Your games and other applications you have connected and how you use them.
Your name and contact info.
Everywhere you check in.
The duration between check ins.
Who is there with you.
How often you go.
Who you are connected to.
How often you check in with the same people.
Your name, email and bio.
Who you are connected to.
What you link to.
All the applications you sign into through twitter like Klout.
How often you tweet, when, and what days.
The topics you tweet about.
Who clicks on your links.
Who you interact with.
Who and what you mention.
They’re Not That Into You
Search engines, internet companies and social media sites don’t really care that much about who you are as an individual. They aren’t really stalking you.
Some of the data is personalized and actually connected to your name or email. Some of it is just connected to your computers IP address. You are just one of millions of accounts that they are collecting data about. The analytics department at Google doesn’t really care about who you are dating, whether you look drunk in the conference photos, or how many cats you have.
First, these companies are trying to improve their products and your user experience. By figuring out how you use their sites, they try to make it better for you. That way, you’ll continue to use it.
Then, they are also looking for patterns and how to match your information with ads from the companies, politicians, and interest groups that pay them for advertising. This is how Facebook and Google can provide you with free services.
Some companies, like Twitter, are also selling the data to other companies so that they can also figure out how to sell you things.
But with so much information available, it isn’t hard to imagine how governments, law enforcement, insurance companies, your ex, hackers, and crooks might be interested in knowing what you are up to. And that is where important privacy issues arise.
Next, we’ll look at privacy rights and legal issues.

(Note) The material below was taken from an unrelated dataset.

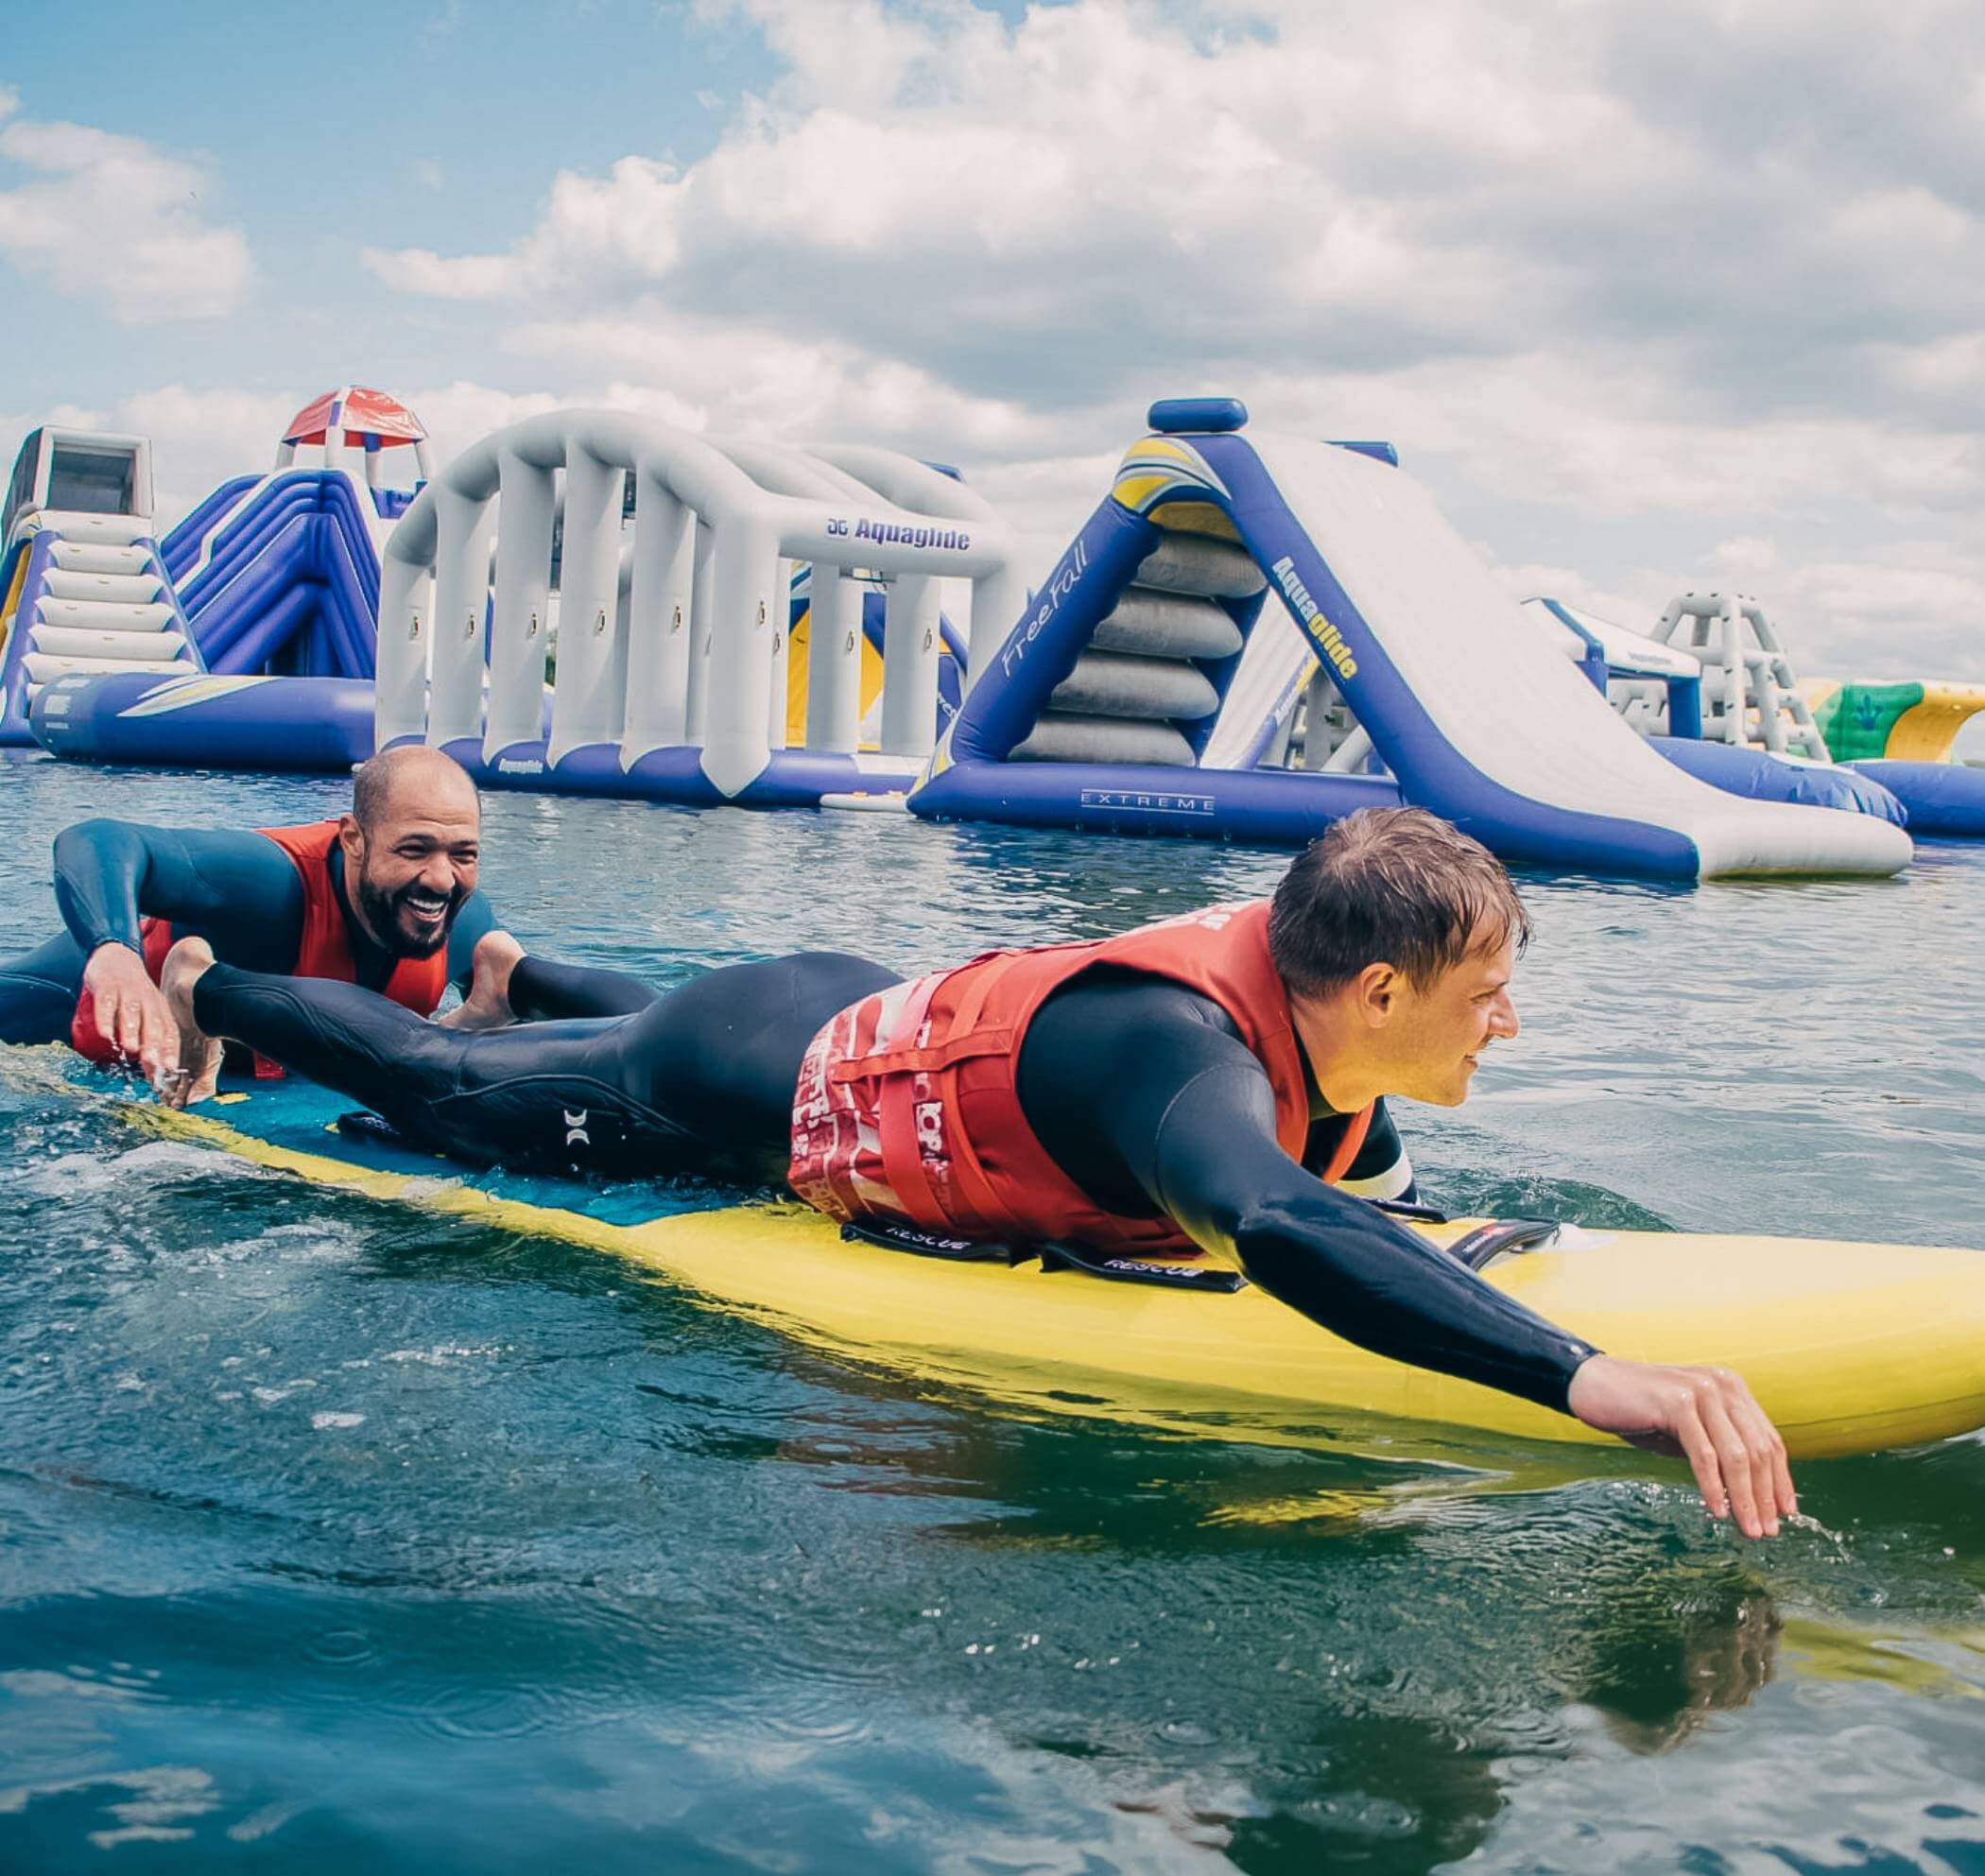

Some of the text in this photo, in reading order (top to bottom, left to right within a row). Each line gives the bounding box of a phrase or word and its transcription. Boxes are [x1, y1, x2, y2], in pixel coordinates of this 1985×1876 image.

Here are some great articles about how data is being used, and what people are trying to figure out by looking at it:
How Companies Use Your Secrets by Charles Duhigg, NY Times, Feb. 16, 2012
How Companies Are Using Your Social Media Data by Leah Betancourt, Mashable, Mar. 2, 2010
Data Mining: How Companies Now Know Everything About You by Joel Stein, Time Magazine, Mar. 10, 2011.
by Heather Bussing
Legal Basis for Privacy
In the US, privacy laws are a mishmash of Constitutional principals, cases, and statutes. The United States Constitution does not contain a specific right to privacy. Yet, several amendments give rise to concepts of privacy. The 4th Amendment prevents the government from searching you and your property without a warrant.The 5th Amendment prevents the government from requiring you to disclose information that would be self-incriminating. And the 9th Amendment says the people have rights beyond those specifically listed in the Constitution.
Based on these provisions, the Supreme Court has recognized “penumbra” rights of privacy in our personal lives. Many states, such as California, have an express right of privacy in the State Constitution that provides broader privacy protections.
The specific kinds of privacy recognized by law are:
1. The right to be left alone. This is the essence of the right to privacy. But it really just applies to your home and property. When you are in your home, you have a right to seclusion that others can’t intrude on without your permission or invitation.
2. The right to your name and likeness. This is both a privacy right and a property right. People can’t use your name or your image for their own benefit without your permission. Yet, many people have the same names. So there is no exclusive right to be the only person in the world with that name. And you can be photographed and recorded when you are in public for noncommercial purposes. So it’s really just that other people can’t make money using your name and image without your permission and giving you a share. But if you are a public figure, you give up that right since people are going to recognize you and talk about you as a matter of course.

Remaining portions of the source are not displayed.